Recent related posts on the California capital ruling by US District Judge Carney:

July 28, 2014 in Baze lethal injection case, Death Penalty Reforms, Procedure and Proof at Sentencing, Sentences Reconsidered, Who Sentences? | Permalink | Comments (3) | TrackBack

Friday, July 25, 2014

Is Judge Kozinski recent opinion proof that "the death penalty is doomed"?

Thw question in the title of this post is drawn from the headline of this New York Times opinion piece by Jesse Wegman entitled "Why the Death Penalty Is Doomed." Here are excerpts:

Alex Kozinski, a federal judge on the Court of Appeals for the Ninth Circuit, has gone on the record saying he is “generally not opposed to the death penalty.” But his opinion in a recent case may nevertheless find itself in the history books one day — in the section explaining why the death penalty in America finally ended....

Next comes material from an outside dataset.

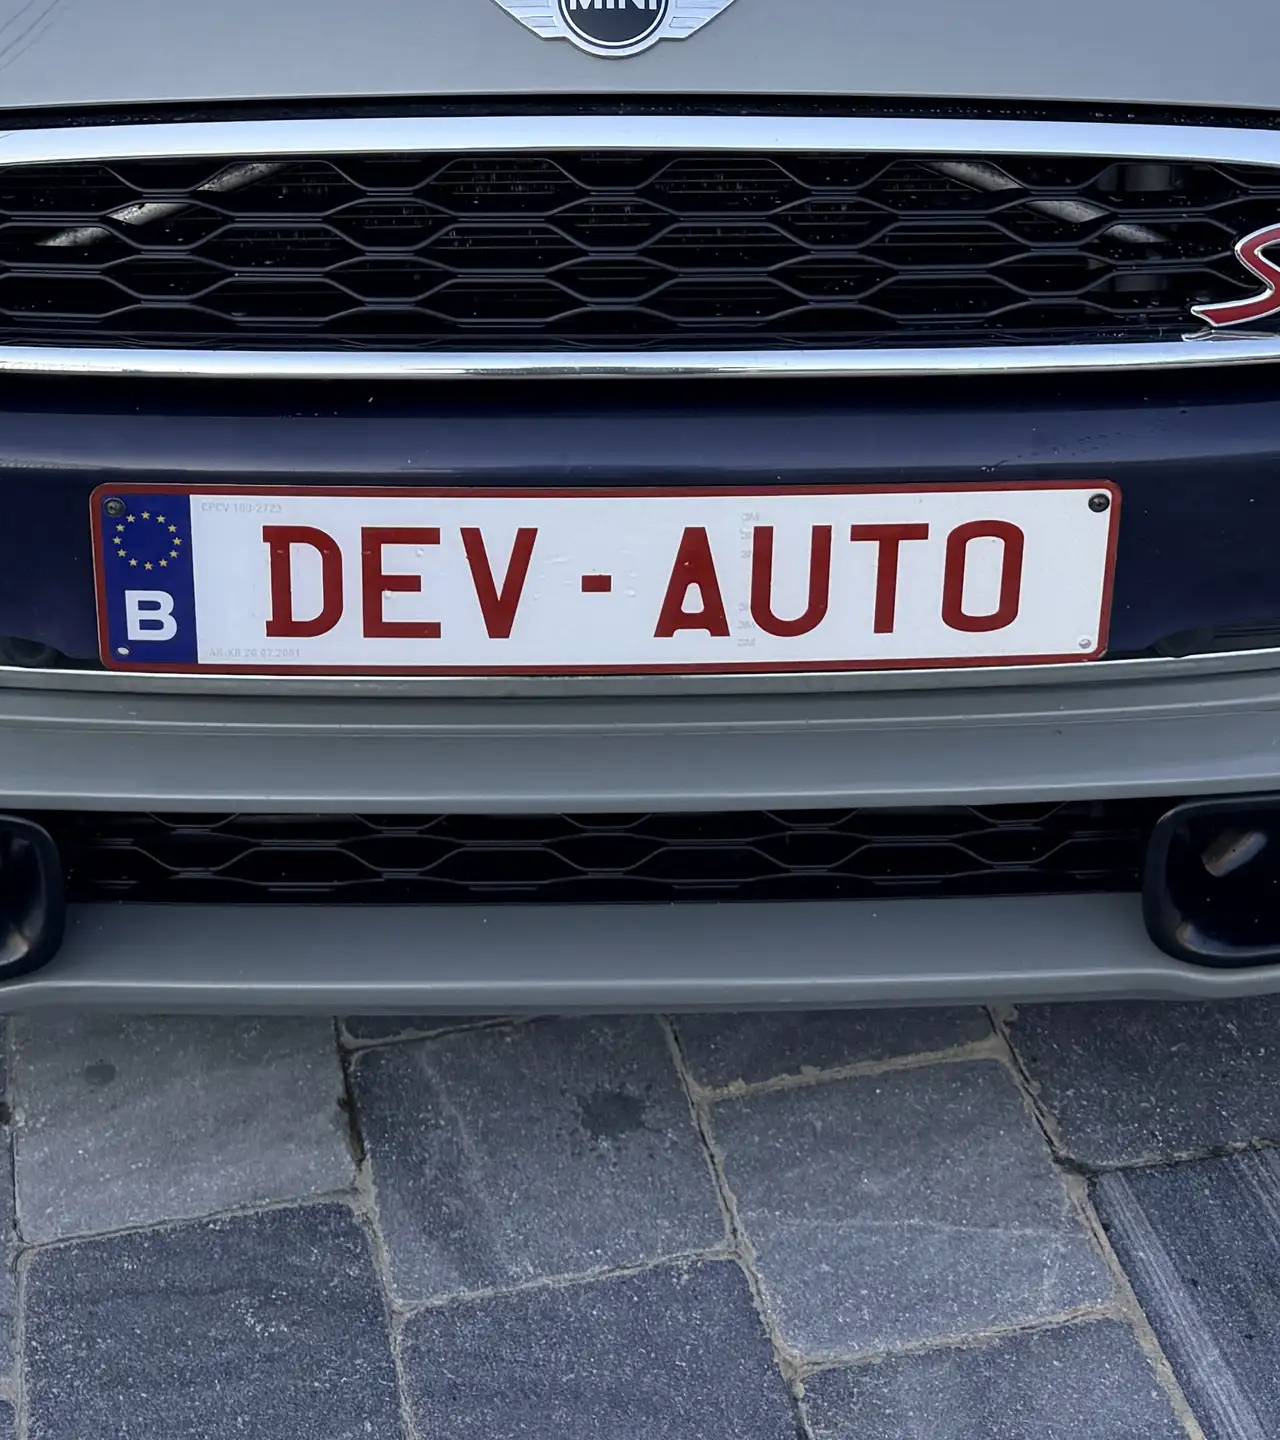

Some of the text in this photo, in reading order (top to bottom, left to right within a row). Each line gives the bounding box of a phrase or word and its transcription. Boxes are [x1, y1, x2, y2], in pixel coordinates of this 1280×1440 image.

Judge Kozinski [in a recent noted dissent]... launched into a meditation on why we kill people the way we do. The late 1970s shift to lethal injection was undertaken, as the judge suggested, in the belief that it was a “more humane” and “less brutal” method of execution than earlier ones — the firing squad, the electric chair, the gas chamber. But that belief was mistaken, he said. “Using drugs meant for individuals with medical needs to carry out executions is a misguided effort to mask the brutality of executions by making them look serene and peaceful — like something any one of us might experience in our final moments.”

The judge then shifted into a register generally associated with those firmly planted in the abolitionist camp. “But executions are, in fact, nothing like that. They are brutal, savage events, and nothing the state tries to do can mask that reality. Nor should it. If we as a society want to carry out executions, we should be willing to face the fact that the state is committing a horrendous brutality on our behalf.”

So how should we do it? Judge Kozinski made the point that the guillotine is the most foolproof method of ending a life, although he rejected it because it “seems inconsistent with our national ethos.” (Which ethos is that? The one against state-sponsored decapitation? Or against relying on the French in matters of punishment?)

Clearly, the two-hour ordeal that occurred in Arizona last night is more evidence that lethal injection is far from humane. Instead, as Judge Kozinski said, the firing squad is the most quick and reliable of the existing methods. And then he added this coup de grâce:

“Sure, firing squads can be messy,” the judge wrote, “but if we are willing to carry out executions, we should not shield ourselves from the reality that we are shedding human blood. If we, as a society, cannot stomach the splatter from an execution carried out by firing squad, then we shouldn’t be carrying out executions at all.”

July 25, 2014 in Baze lethal injection case, Death Penalty Reforms, Purposes of Punishment and Sentencing | Permalink | Comments (5) | TrackBack

"After troubled execution in Arizona, Ohio to use same drugs, dosage"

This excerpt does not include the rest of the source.